Uno de esos renglones es el botón "like" del Facebook, donde probablemente el lector leyendo ahora. Hacen acopio de todos ellos y saben de nosotros mucho más de lo que nosotros verdaderamente sabemos. Es el negocio de los datos. Valen más que el oro de las ciudades perdidas en la jungla amazónica. Somos mercancía. Lo somos queramos o no entrar en esa consideración financiera. Somos carne de mercado bursátil, somos incesantemente un producto que se vende y se compra. Estamos en el escaparate. Sin saberlo somos el muñeco vestido o a medio vestir o desnudo que se ve tras el cristal. Lo peor es que estamos ahí sin que nadie nos haya reclutado a la fuerza. No se puso una pistola en el pecho o se nos chantajeó para que accediéramos al juego. En la vida pasa algo parecido, no hace falta pensar mucho para llegar a esa conclusión. También somos datos, somos cada uno de esas pequeñas miguitas que hemos ido dejando caer aposta o no y que marcan una ruta, un camino reconocible por el que avanzamos. A veces un camino por el que retrocedemos. A veces el paso es firme y otras no lo es en absoluto. Lo de actuar embozado en la invisibilidad es un viejo deseo de la humanidad, pero todo deja marca, no hay nada que hagamos de lo que no pueda extraerse una firma personal. A veces sucede en Instagram o en el twitter y otras, más veces de las que se piensa, en la cola de la charcutería, cuando conducimos un coche en un atasco urbano o en las conversaciones que tenemos con las personas que incluso amamos. Cada pequeña cosa que hacemos (o que dejamos de hacer también) contrae una rúbrica. Parecemos decir: hey, que he sido yo, esto es mío, no vayan a creer que es de otro, he sido yo el causante, me pertenece, no le den la autoría a alguien equivocado. En ese plan. 

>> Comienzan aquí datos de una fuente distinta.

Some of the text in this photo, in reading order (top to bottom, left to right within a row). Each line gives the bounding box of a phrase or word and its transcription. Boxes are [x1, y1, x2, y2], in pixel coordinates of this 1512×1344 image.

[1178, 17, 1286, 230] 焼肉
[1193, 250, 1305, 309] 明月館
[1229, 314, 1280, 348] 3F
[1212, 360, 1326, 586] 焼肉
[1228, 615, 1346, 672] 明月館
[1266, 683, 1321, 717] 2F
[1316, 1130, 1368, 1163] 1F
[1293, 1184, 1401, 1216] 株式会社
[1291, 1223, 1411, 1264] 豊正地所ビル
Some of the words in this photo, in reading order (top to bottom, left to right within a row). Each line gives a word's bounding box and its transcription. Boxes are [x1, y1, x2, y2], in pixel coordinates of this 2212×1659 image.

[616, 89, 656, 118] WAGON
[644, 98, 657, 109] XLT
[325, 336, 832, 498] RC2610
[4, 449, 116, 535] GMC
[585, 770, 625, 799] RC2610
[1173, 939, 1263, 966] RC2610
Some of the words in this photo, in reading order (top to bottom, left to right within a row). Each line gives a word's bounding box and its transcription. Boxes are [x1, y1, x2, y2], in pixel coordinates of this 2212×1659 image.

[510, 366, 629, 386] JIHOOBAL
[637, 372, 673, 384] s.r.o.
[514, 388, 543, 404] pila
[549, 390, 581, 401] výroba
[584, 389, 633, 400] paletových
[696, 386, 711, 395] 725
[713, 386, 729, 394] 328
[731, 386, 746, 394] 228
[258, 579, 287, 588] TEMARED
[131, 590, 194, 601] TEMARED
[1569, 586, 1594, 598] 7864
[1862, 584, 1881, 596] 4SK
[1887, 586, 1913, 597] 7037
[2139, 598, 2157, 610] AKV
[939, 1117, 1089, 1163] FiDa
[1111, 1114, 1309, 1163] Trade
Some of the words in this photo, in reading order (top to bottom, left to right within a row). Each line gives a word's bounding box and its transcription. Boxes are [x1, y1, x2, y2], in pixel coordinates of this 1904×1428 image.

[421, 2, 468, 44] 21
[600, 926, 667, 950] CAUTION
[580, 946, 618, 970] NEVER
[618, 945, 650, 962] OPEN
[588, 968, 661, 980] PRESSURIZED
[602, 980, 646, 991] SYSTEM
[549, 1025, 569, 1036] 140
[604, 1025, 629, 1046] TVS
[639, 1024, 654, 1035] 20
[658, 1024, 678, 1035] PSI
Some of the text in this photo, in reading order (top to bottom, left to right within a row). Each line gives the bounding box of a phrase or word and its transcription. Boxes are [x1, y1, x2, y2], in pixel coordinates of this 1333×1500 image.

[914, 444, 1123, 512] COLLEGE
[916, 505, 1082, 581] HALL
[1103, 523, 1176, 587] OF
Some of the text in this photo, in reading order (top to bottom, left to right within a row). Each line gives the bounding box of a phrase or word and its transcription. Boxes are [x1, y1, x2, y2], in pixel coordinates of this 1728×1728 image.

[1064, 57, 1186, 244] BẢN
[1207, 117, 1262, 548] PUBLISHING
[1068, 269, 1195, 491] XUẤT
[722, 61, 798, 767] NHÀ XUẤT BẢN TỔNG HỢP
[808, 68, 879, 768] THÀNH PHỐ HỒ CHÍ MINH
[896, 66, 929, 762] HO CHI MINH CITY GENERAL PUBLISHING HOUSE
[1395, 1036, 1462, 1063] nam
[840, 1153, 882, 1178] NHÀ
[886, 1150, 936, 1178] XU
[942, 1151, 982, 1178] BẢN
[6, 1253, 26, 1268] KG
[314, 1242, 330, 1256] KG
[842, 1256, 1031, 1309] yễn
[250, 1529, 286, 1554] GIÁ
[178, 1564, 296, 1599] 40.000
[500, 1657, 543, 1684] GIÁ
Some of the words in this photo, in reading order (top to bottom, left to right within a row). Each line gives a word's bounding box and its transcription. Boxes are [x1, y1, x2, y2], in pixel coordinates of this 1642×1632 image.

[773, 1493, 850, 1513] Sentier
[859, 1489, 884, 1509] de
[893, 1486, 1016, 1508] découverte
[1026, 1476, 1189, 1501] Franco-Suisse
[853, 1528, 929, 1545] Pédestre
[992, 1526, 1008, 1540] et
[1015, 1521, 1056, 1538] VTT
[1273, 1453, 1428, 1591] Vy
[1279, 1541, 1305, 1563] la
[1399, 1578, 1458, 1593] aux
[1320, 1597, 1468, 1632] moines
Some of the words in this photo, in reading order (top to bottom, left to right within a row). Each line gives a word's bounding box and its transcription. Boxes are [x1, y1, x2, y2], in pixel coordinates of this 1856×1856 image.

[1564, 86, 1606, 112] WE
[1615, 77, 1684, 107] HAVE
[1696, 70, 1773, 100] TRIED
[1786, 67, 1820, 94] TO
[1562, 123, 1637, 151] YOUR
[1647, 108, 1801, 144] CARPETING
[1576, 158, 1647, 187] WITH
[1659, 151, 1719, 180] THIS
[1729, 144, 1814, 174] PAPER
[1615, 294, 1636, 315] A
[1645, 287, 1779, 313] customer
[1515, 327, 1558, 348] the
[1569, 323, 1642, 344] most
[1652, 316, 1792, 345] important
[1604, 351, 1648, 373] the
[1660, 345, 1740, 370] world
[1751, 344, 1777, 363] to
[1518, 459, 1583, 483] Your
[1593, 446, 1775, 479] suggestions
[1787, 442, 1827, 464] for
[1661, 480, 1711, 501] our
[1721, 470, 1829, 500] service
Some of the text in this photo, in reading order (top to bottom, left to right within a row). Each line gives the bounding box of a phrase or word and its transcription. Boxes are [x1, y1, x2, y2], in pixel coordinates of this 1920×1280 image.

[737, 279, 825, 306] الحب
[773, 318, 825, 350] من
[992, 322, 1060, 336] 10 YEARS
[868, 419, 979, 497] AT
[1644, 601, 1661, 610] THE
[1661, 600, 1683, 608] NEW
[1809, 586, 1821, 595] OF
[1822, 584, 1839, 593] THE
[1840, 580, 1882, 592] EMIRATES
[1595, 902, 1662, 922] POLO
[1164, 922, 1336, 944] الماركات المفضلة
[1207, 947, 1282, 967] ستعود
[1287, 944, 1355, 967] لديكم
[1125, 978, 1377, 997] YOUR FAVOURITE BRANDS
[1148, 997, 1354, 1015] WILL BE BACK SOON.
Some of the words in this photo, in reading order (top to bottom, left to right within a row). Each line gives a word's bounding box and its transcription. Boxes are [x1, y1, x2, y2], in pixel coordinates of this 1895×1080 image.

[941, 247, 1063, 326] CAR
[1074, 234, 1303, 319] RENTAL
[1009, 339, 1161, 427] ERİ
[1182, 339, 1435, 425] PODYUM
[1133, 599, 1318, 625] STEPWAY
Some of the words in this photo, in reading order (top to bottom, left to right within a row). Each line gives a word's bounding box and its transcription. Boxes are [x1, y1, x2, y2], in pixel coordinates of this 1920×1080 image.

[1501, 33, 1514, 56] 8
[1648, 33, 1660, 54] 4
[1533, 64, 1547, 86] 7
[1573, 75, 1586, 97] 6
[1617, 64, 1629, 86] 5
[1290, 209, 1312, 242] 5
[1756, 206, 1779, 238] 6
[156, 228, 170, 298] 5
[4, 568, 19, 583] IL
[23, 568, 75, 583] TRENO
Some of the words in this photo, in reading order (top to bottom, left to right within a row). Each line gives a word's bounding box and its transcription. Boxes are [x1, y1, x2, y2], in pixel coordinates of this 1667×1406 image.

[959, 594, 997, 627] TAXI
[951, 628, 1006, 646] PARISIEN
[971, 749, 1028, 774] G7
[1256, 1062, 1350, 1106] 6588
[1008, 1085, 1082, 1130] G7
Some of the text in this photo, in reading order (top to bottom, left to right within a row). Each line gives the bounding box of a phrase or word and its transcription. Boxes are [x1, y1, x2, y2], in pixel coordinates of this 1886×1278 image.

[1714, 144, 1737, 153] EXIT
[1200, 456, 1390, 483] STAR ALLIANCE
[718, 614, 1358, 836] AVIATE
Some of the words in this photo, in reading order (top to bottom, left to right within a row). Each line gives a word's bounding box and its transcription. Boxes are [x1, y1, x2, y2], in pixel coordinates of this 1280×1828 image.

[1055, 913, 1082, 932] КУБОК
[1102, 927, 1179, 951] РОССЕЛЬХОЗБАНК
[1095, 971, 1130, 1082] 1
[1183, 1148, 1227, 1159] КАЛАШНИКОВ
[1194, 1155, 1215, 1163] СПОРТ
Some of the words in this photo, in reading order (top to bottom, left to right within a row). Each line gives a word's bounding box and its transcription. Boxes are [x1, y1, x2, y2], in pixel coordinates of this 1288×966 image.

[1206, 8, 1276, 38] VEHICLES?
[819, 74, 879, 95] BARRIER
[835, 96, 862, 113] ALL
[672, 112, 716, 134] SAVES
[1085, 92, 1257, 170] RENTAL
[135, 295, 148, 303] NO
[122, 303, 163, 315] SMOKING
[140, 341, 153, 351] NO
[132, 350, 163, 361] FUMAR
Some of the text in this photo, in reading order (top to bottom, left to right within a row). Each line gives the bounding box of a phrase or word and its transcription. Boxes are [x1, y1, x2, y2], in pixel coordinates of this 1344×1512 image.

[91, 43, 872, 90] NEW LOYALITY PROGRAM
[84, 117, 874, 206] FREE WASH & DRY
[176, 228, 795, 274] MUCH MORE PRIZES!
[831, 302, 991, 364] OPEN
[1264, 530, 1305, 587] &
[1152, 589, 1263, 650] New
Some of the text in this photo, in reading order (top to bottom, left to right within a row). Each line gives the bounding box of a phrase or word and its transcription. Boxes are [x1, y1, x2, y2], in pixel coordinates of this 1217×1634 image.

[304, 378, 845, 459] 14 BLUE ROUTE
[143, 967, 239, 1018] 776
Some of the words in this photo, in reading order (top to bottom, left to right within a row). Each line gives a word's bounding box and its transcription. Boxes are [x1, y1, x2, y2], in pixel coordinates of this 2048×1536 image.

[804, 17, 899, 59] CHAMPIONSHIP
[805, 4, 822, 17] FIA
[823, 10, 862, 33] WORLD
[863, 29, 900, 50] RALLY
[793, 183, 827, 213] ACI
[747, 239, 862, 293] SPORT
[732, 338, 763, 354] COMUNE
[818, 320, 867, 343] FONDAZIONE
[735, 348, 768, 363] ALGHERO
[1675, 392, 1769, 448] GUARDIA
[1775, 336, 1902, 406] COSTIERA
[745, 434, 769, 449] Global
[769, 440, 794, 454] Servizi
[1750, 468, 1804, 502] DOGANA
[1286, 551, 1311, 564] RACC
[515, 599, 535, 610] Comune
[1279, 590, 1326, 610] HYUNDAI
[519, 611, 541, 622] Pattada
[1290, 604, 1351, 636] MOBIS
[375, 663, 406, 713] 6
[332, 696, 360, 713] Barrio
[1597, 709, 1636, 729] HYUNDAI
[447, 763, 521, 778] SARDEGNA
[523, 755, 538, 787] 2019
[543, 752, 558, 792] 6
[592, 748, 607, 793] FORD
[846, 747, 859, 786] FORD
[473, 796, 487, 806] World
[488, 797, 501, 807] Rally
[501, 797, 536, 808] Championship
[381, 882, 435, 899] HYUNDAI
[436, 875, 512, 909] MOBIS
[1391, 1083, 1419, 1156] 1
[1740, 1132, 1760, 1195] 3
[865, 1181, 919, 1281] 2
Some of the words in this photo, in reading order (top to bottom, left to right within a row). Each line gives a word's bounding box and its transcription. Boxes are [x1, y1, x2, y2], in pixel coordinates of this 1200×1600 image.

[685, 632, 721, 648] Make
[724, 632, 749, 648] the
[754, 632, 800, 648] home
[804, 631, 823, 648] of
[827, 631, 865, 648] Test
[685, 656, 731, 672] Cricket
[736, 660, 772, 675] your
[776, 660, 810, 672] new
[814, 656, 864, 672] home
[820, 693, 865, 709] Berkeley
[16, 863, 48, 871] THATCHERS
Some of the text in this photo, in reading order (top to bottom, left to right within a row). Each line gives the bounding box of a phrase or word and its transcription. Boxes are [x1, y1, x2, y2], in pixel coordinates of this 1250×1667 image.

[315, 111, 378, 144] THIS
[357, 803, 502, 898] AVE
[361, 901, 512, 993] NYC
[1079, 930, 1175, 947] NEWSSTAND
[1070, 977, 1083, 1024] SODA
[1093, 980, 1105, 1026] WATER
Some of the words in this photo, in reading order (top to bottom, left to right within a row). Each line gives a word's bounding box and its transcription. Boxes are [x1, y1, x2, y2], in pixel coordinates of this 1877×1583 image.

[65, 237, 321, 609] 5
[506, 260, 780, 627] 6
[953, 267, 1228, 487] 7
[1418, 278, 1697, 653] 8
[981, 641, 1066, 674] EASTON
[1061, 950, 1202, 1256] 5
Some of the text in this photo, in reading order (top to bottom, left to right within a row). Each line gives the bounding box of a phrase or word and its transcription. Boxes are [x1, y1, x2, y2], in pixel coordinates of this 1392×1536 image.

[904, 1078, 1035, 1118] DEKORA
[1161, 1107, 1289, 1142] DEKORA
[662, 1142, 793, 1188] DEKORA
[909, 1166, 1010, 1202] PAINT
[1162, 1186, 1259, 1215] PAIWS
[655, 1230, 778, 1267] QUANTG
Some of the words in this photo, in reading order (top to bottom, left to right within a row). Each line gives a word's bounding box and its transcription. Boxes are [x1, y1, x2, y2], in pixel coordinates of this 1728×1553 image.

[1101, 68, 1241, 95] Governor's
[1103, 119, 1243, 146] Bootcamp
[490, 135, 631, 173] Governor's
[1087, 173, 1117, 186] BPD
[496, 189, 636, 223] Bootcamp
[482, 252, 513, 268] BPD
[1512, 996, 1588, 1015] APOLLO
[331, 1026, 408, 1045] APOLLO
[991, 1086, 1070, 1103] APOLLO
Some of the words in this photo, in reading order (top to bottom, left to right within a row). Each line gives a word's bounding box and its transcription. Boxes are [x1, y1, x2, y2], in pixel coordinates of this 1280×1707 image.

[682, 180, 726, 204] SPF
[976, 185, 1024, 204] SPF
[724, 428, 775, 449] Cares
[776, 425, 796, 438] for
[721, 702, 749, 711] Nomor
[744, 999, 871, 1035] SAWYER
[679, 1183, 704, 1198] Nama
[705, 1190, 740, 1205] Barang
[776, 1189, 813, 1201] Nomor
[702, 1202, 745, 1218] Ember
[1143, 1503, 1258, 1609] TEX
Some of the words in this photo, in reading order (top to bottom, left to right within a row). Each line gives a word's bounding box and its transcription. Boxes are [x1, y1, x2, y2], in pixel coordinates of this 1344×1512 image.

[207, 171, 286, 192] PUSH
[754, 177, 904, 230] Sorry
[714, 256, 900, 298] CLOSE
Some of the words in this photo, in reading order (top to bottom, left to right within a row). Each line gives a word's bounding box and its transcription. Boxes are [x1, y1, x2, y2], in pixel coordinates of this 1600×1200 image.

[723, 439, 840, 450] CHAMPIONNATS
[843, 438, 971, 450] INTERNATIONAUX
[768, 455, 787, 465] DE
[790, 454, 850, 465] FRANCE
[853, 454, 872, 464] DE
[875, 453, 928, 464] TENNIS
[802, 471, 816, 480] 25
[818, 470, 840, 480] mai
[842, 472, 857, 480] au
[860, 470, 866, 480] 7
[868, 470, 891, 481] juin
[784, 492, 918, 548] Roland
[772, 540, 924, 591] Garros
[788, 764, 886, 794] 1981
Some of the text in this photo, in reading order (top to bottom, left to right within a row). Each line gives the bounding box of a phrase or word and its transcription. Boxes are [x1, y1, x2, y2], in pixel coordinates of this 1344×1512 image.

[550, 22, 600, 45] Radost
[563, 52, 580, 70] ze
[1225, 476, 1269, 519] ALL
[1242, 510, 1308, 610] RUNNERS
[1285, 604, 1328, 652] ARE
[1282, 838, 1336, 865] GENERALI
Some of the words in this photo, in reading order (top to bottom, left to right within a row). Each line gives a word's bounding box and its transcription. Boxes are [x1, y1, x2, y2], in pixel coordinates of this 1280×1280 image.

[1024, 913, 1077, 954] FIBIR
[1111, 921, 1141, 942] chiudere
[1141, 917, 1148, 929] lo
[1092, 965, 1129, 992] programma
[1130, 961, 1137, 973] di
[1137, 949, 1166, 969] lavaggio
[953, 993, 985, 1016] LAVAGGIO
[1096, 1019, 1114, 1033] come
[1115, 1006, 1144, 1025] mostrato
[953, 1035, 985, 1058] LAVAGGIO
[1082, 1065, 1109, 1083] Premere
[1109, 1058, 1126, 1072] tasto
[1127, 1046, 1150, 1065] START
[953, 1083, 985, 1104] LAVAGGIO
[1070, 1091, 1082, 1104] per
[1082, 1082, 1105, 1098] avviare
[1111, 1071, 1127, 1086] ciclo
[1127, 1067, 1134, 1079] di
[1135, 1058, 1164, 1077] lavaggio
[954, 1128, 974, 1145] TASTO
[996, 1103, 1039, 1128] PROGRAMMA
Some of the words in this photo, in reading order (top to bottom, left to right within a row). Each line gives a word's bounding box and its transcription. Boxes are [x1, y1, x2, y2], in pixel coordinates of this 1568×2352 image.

La otra opción es no mirar atrás, no hacerlo bajo ninguna circunstancia; ni guiados por la satisfacción de haber procedido bien ni tampoco por la seguridad de que hicimos daño a alguien a sabiendas o sin maquinarlo adrede, da igual, pero el daño está hecho y de pronto se tiene conciencia de él. La otra opción es darle poco aprecio a que un logaritmo sepa de qué pie cojeamos o si son los dos los que lo hacen, no preocuparse de las huellas y avanzar ajeno a ellas. Porque no dejamos de dejarlas. Las miguitas con nuestra marca personal ocupan más renglones en ese libro secreto de los que podemos imaginar. Decía mi abuela algo parecido a "no la hagas y no la temas". Y bien pudiera valernos como máxima para navegar por la red (no decir lo que no se debe decir, no hacer lo que no se debe hacer) así como la realidad, materia igualmente navegable y sobre la que se puede aplicar con absoluta convicción esa máxima también. No hacerla para no tener que enmendarla. En la hipótesis de que se tenga que producir enmienda, hacer la consideración que cada uno desee. Se va a hablar de nosotros de una u otra manera. Dejemos o no un rastro, exista de verdad o no, los demás van a juzgarlo a su santa voluntad, sin que podamos intermediar y hacer que la sentencia sea benévola. Da lo mismo que uno haya sido un santo varón o una santa hembra (seamos correctos, que luego todo consta y perdura) para que otro especimen de nuestra bendita raza proclame que una vez pecamos o pecamos muchas veces y los demás acaten y difundan esa mentira interesada.